Les Chevaliers du Zodiaque film live
Toei

Seiya et Son Goku, même combat ! La version hollywoodienne et en live-action du manga culte est une bouillie numérique qui interroge...

Seiya a eu droit à sa version en live-action. Et on ne comprend toujours pas pourquoi...

Les Chevaliers du Zodiaque, le film, débarque pour la première fois à la télé ce soir en clair sur TFX, avec Mackenyu, fils de la légende Sonny Chiba, dans l'armure de Pégase.

Et le moins que l’on puisse dire, c’est que le cosmos ne brûle pas.

Annoncé comme un événement confectionné pour les fans, ce long-métrage américano-japonais produit par la Toei, est un ratage complet, une bouillie culturelle et visuelle, qui convoque immédiatement le traumatisme Dragon Ball Evolution.

dragon ball : evolution
20th Century Fox

Depuis des années, Hollywood tente de puiser dans le gigantesque océan des mangas, des animés cultes, rassemblant des centaines de millions de fans à travers le monde, pour en faire des licences cinématographiques à grande échelle.
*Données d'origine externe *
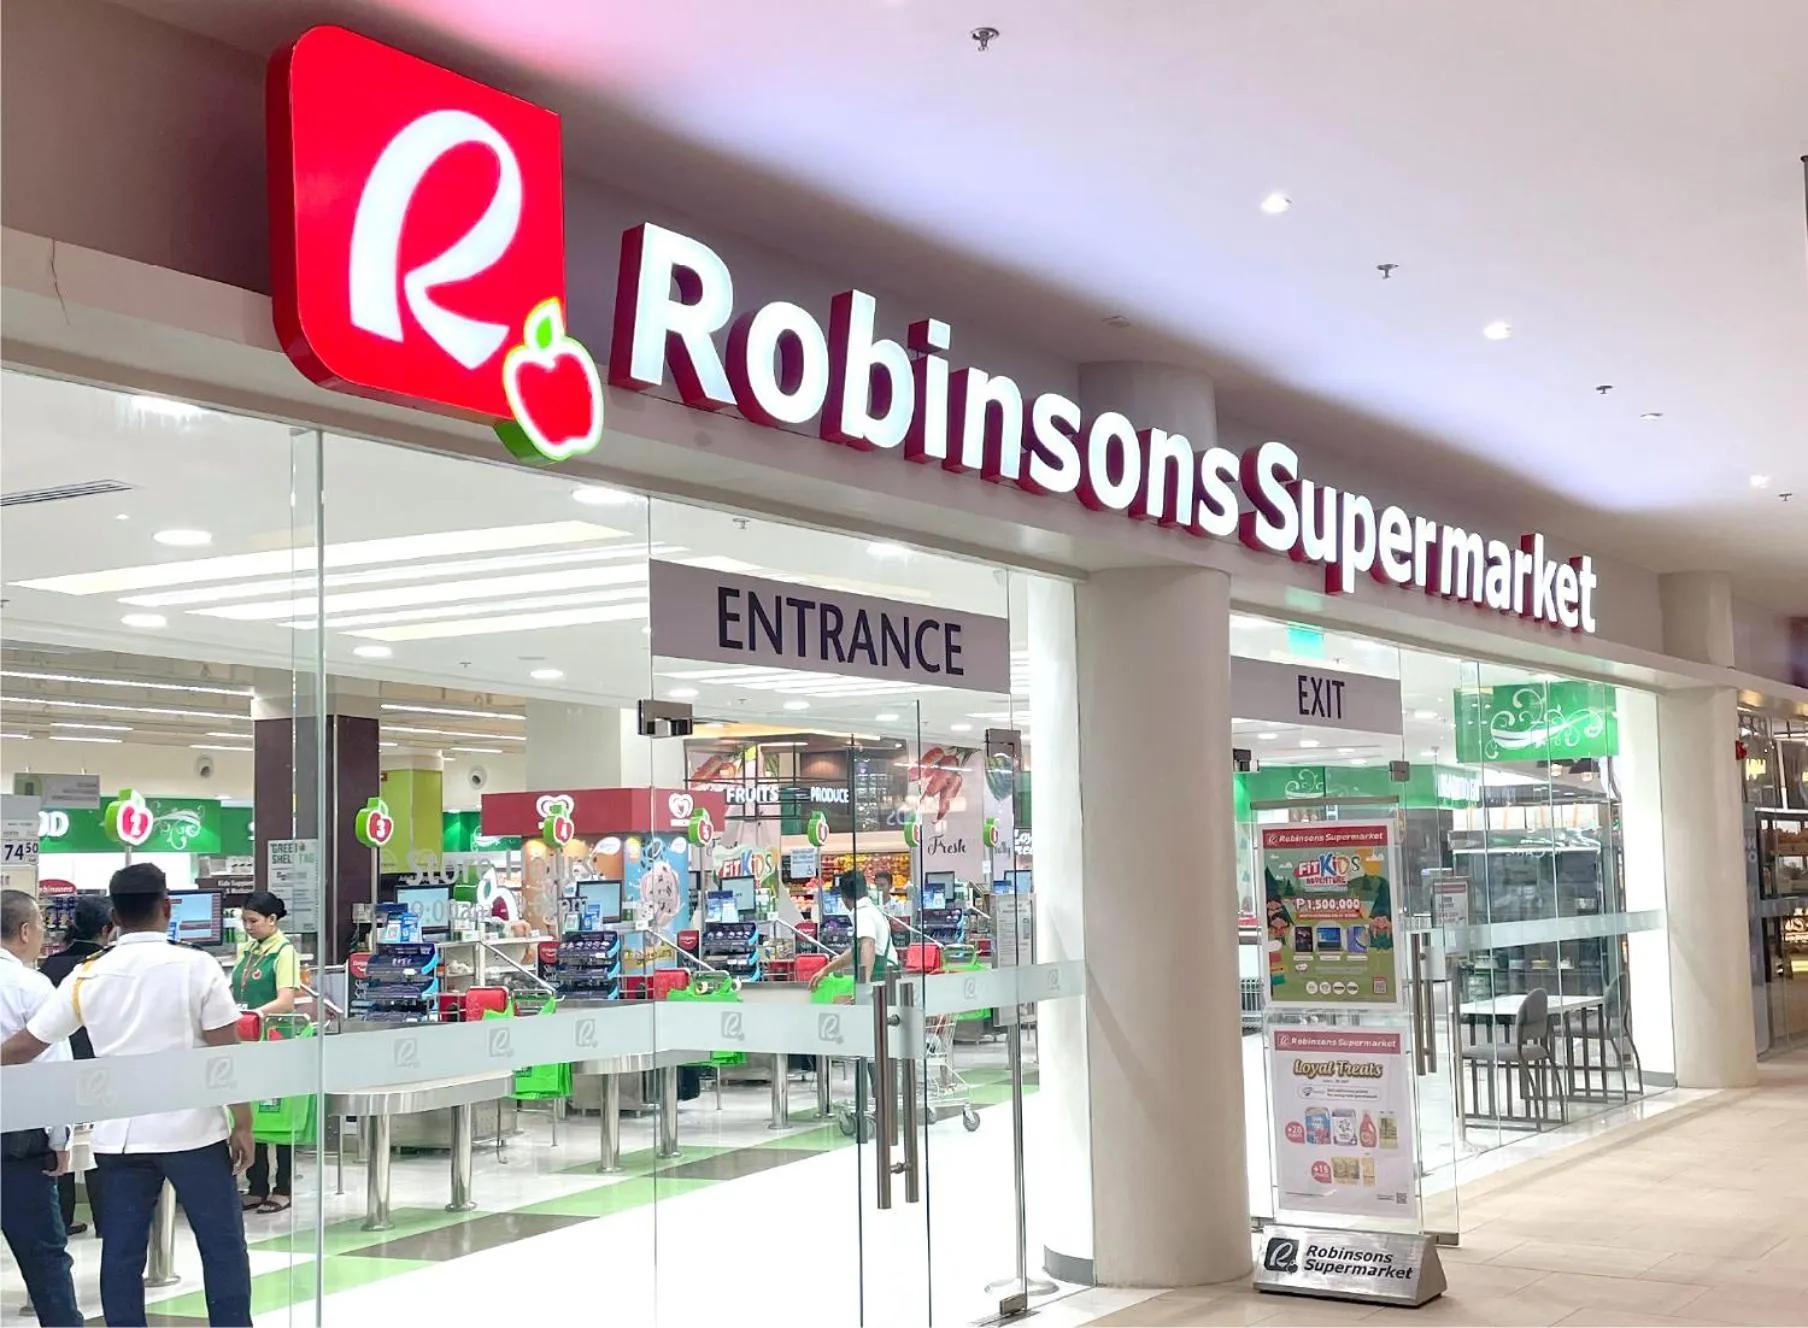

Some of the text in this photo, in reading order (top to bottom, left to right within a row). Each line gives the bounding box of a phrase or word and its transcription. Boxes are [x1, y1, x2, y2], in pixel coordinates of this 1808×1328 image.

Mais ces histoires à la créativité folle sont particulièrement complexes à adapter pour toucher un vaste public occidental dans les salles. La licence Dragon Ball en a fait les frais en 2008 avec le calamiteux travail de 20th Century Fox et du réalisateur James Wong. Depuis, le film est devenu une sorte d'épouvantail, comme un avertissement pour les studios américains.

Malheureusement, les producteurs de ces Chevaliers du Zodiaque n'ont pas écouté. Ils ont quand même voulu y aller et tenter la version hollywoodienne sur fonds verts, réalisée par un inconnu Polonais, Tomasz Bagiński.

Aucune direction artistique et des effets spéciaux qui oscillent entre le kitsch embarrassant et le pur néant. On tient bien le successeur de Dragon Ball Evolution.

Notre cher Seiya finit en bouillie numérique indigeste, un film informe qui ne pourra satisfaire personne.

Les Chevaliers du Zodiaque
Sony

D’abord, les fans de la première heure verront dans cette version édulcorée, grisâtre et sans impact une forme d'insulte. Les combats sont plats, les armures sans éclat, l’univers vidé de toute sa dimension mystique.

Ensuite, tous ceux qui ne connaissent pas la Princesse Saori trouveront dans ce gloubi-boulga fantastico-martial une pâle imitation japonisante de X-Men aux accents de fiction YA fauchée.

La vraie bonne nouvelle, c'est que cette adaptation américano cradingue devrait rester sans suite, compte tenu de son naufrage au box-office : 50 000 entrées en France et 7 millions de dollars au box-office mondial. Ces pseudo-Chevaliers du Zodiaque vont reposer aux côtés de Dragon Ball Evolution dans le cimetière des adaptations ratées que les fans préfèrent oublier.